:: WHAT YOU HAVE TO DO ::
Each line of the material below is to be written out exactly. Leave out any picture.

:: PROVIDED DATA ::
****

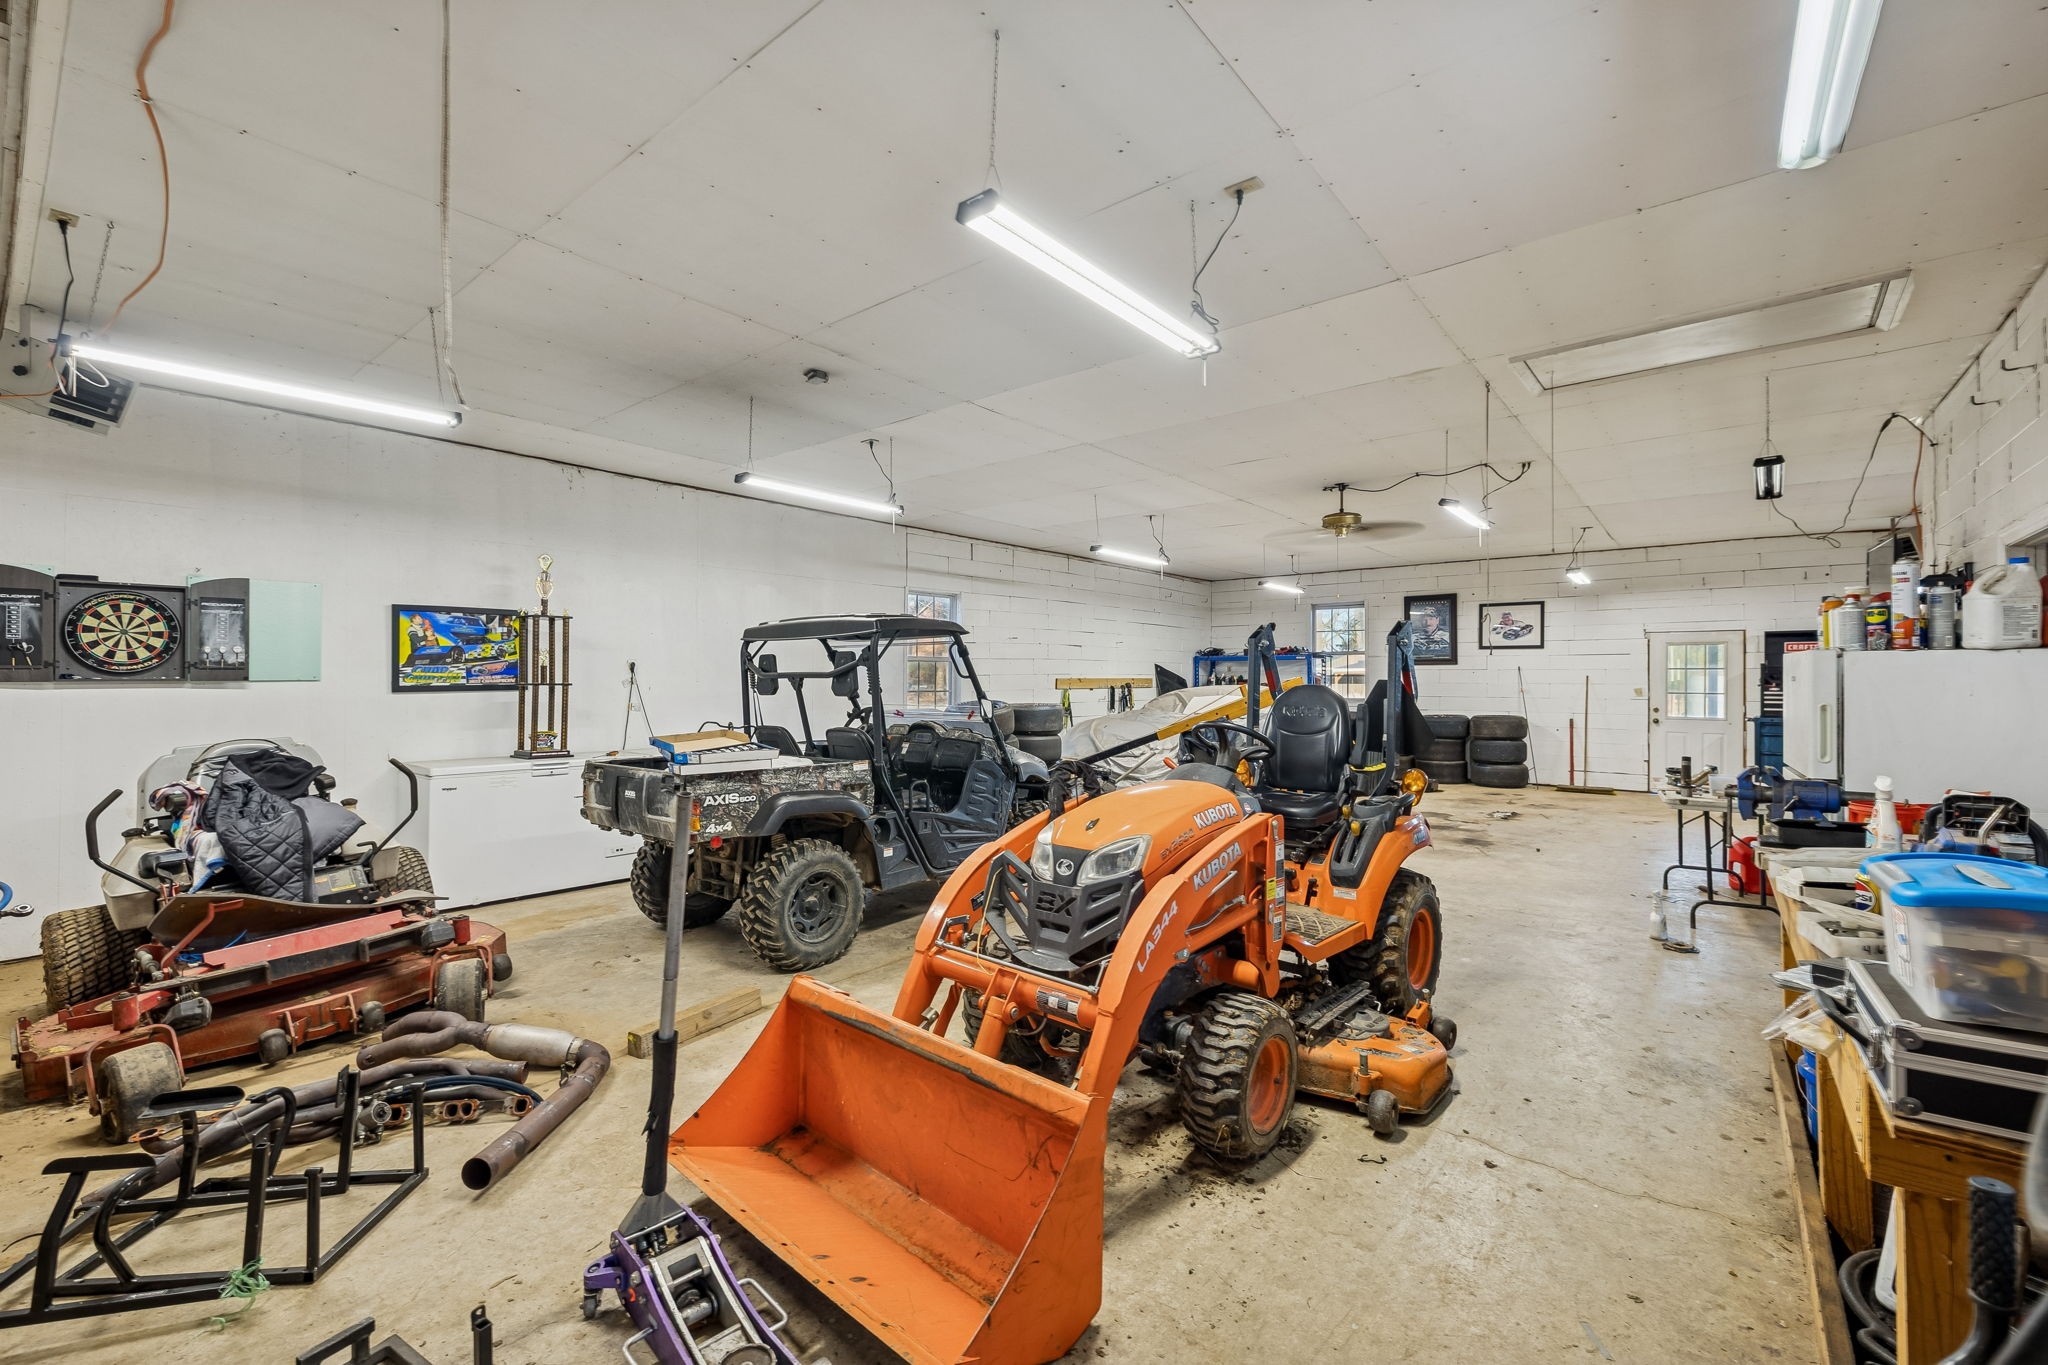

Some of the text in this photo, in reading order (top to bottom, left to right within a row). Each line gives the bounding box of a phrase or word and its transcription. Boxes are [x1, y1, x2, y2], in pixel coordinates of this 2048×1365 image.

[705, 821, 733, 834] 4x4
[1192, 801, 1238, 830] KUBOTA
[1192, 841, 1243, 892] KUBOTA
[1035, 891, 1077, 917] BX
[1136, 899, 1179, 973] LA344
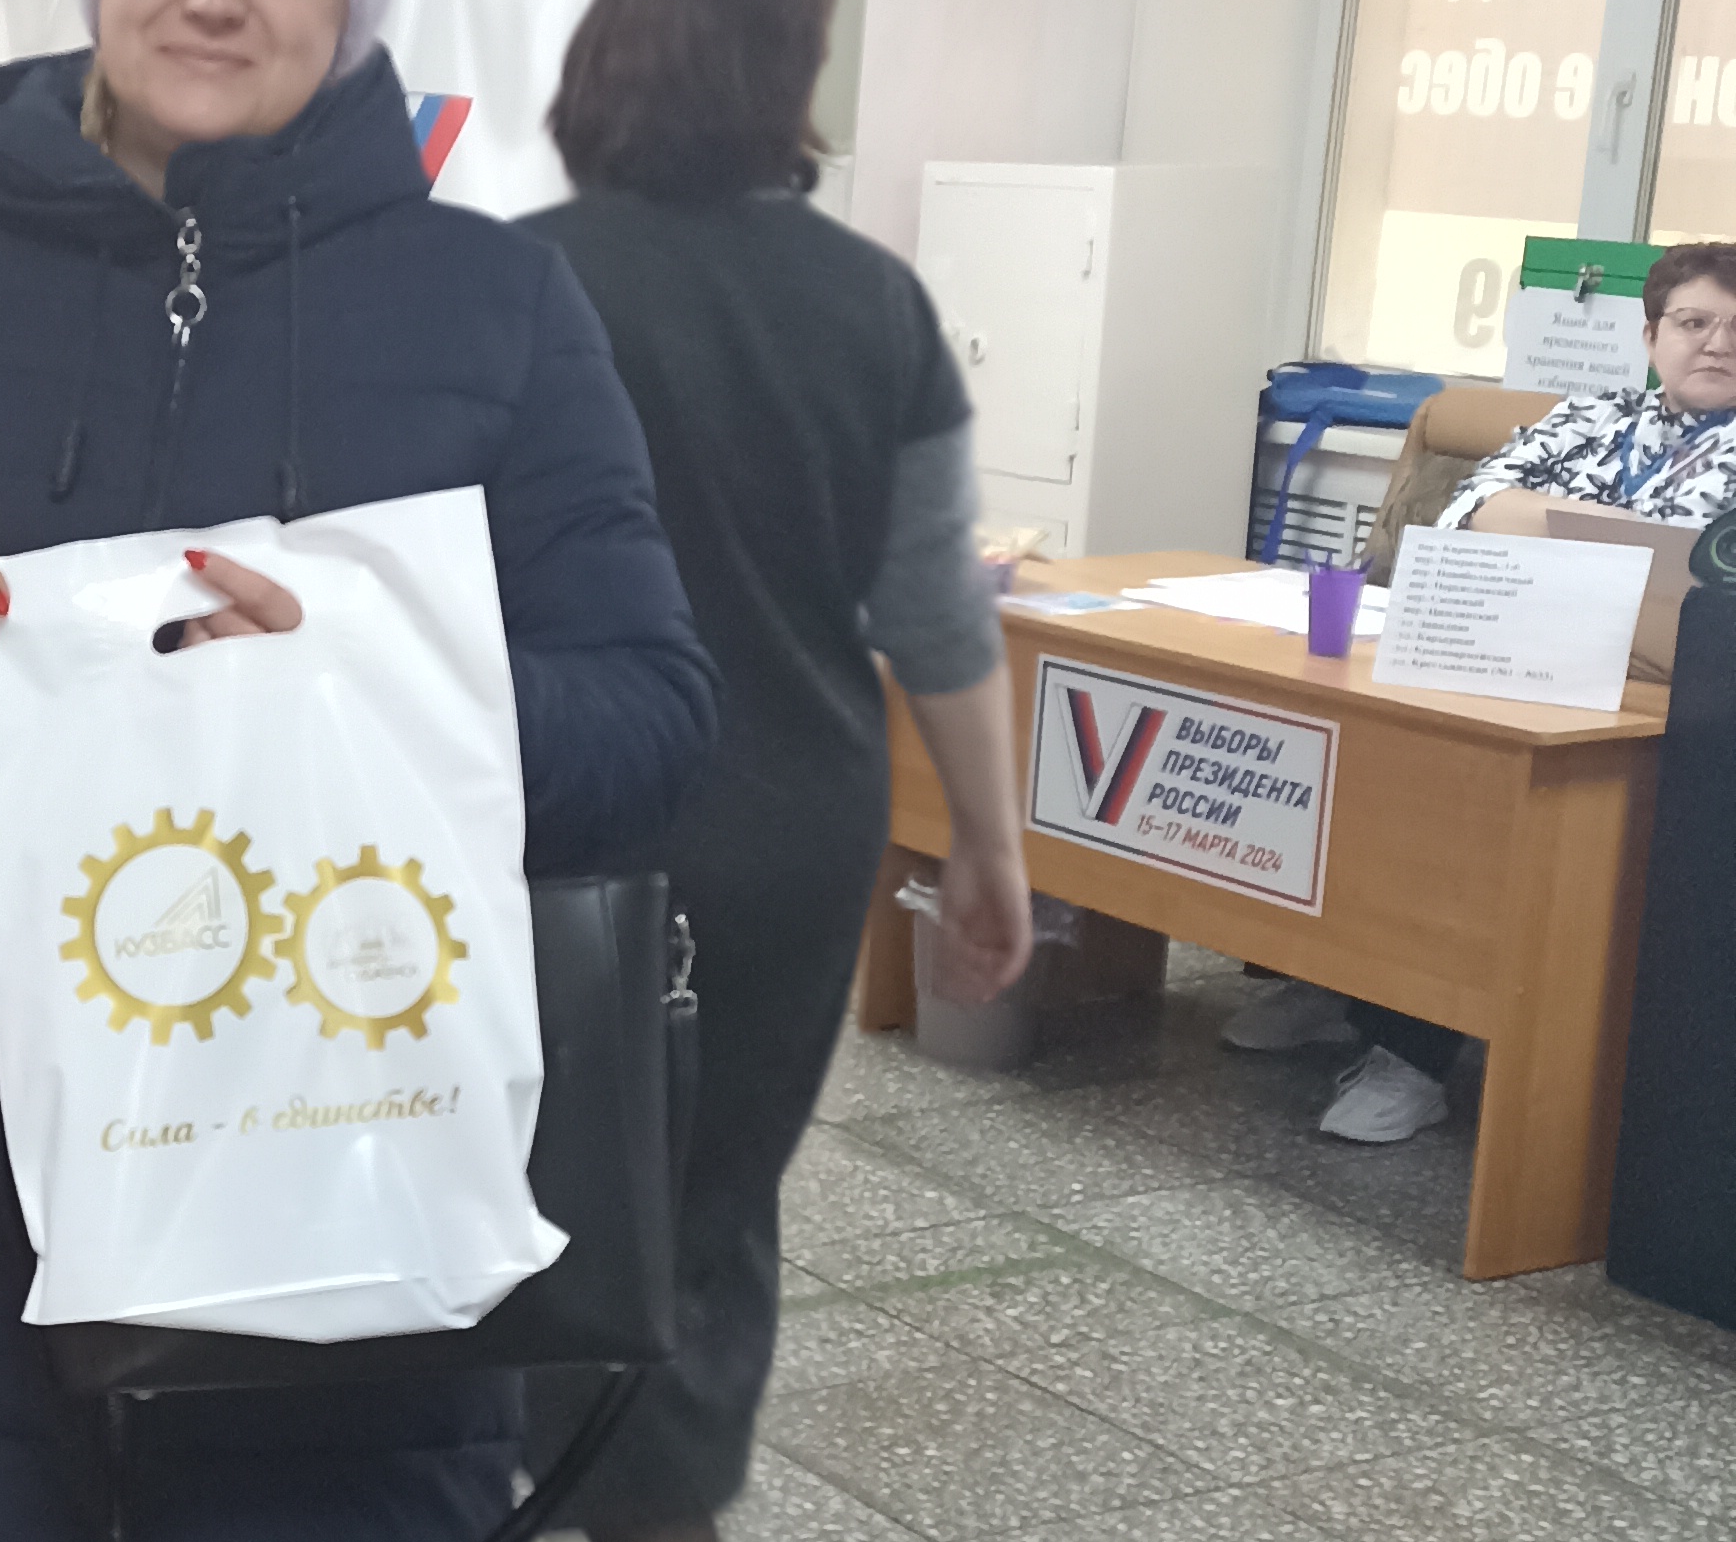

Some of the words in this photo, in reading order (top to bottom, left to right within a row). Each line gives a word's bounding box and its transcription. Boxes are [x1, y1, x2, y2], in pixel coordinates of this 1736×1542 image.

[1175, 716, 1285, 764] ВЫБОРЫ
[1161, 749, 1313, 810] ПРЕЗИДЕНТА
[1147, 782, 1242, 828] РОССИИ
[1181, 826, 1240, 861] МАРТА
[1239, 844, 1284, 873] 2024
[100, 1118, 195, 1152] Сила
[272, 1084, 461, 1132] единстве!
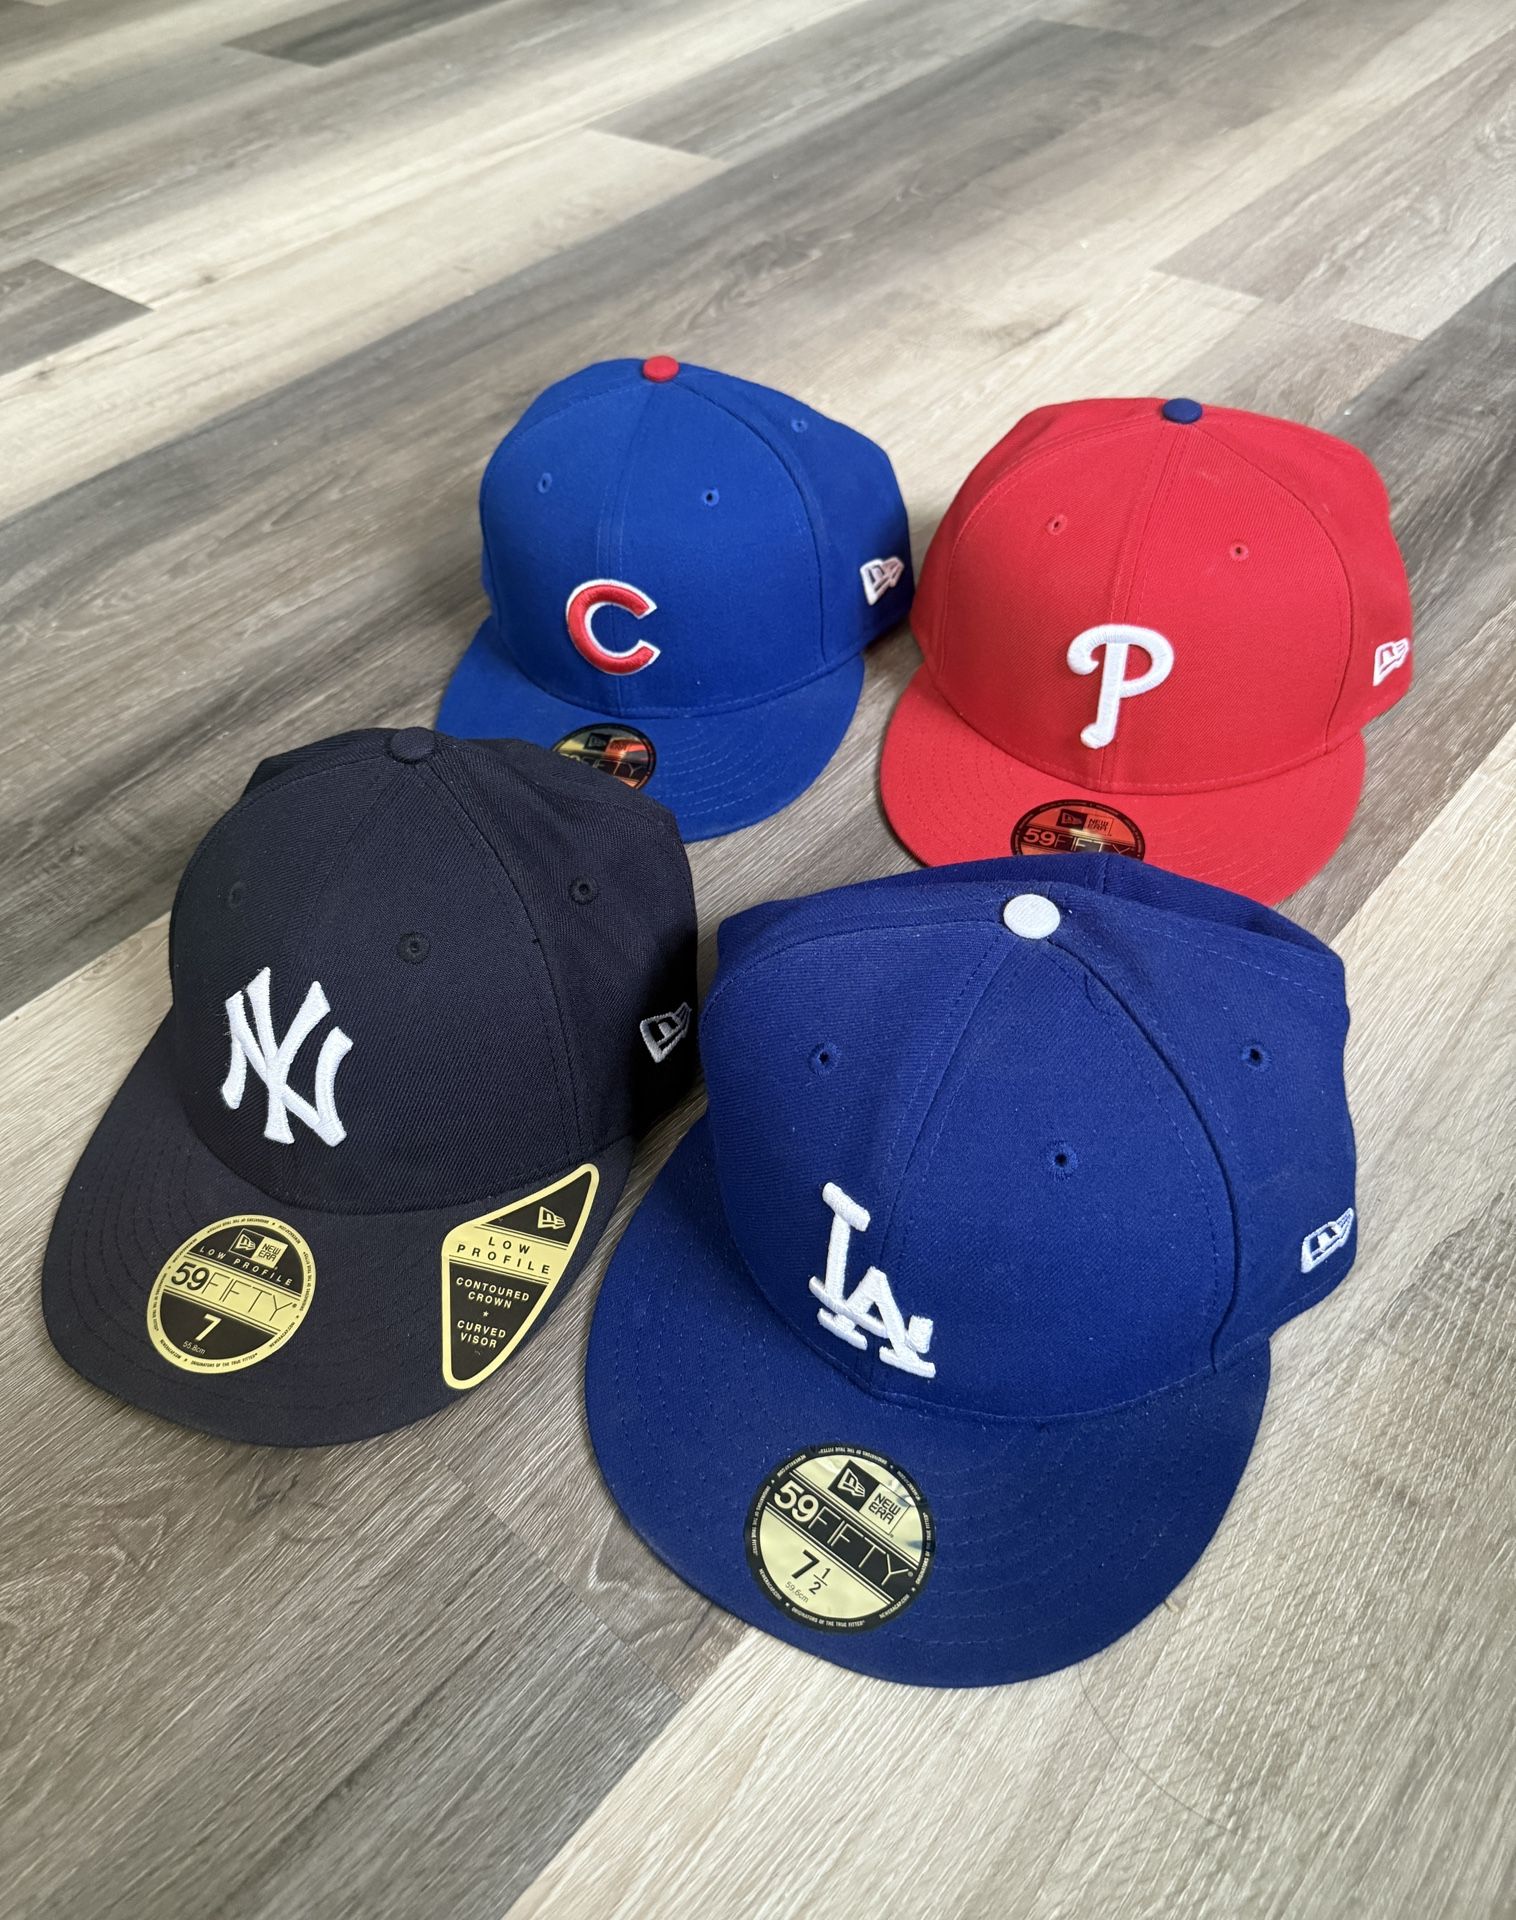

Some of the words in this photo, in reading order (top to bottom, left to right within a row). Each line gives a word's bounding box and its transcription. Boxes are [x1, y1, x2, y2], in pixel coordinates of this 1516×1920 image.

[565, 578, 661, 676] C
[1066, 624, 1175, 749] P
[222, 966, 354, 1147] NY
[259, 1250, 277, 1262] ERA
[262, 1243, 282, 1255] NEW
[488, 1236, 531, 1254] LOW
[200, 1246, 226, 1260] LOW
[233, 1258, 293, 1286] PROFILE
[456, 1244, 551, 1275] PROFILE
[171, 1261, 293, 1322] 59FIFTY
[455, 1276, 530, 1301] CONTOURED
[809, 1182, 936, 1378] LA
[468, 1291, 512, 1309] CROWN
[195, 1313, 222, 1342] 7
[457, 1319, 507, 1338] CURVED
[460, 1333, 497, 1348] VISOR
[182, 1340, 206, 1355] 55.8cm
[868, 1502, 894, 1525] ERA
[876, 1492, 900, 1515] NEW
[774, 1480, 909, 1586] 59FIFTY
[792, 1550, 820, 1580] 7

****

:: TASK RESULT ::
Some of the text in this photo, in reading order (top to bottom, left to right within a row). Each line gives the bounding box of a phrase or word and its transcription. Boxes are [x1, y1, x2, y2], in pixel coordinates of this 2048×1365 image.

[705, 821, 733, 834] 4x4
[1192, 801, 1238, 830] KUBOTA
[1192, 841, 1243, 892] KUBOTA
[1035, 891, 1077, 917] BX
[1136, 899, 1179, 973] LA344

Some of the words in this photo, in reading order (top to bottom, left to right within a row). Each line gives a word's bounding box and its transcription. Boxes are [x1, y1, x2, y2], in pixel coordinates of this 1736×1542 image.

[1175, 716, 1285, 764] ВЫБОРЫ
[1161, 749, 1313, 810] ПРЕЗИДЕНТА
[1147, 782, 1242, 828] РОССИИ
[1181, 826, 1240, 861] МАРТА
[1239, 844, 1284, 873] 2024
[100, 1118, 195, 1152] Сила
[272, 1084, 461, 1132] единстве!

Some of the words in this photo, in reading order (top to bottom, left to right within a row). Each line gives a word's bounding box and its transcription. Boxes are [x1, y1, x2, y2], in pixel coordinates of this 1516×1920 image.

[565, 578, 661, 676] C
[1066, 624, 1175, 749] P
[222, 966, 354, 1147] NY
[259, 1250, 277, 1262] ERA
[262, 1243, 282, 1255] NEW
[488, 1236, 531, 1254] LOW
[200, 1246, 226, 1260] LOW
[233, 1258, 293, 1286] PROFILE
[456, 1244, 551, 1275] PROFILE
[171, 1261, 293, 1322] 59FIFTY
[455, 1276, 530, 1301] CONTOURED
[809, 1182, 936, 1378] LA
[468, 1291, 512, 1309] CROWN
[195, 1313, 222, 1342] 7
[457, 1319, 507, 1338] CURVED
[460, 1333, 497, 1348] VISOR
[182, 1340, 206, 1355] 55.8cm
[868, 1502, 894, 1525] ERA
[876, 1492, 900, 1515] NEW
[774, 1480, 909, 1586] 59FIFTY
[792, 1550, 820, 1580] 7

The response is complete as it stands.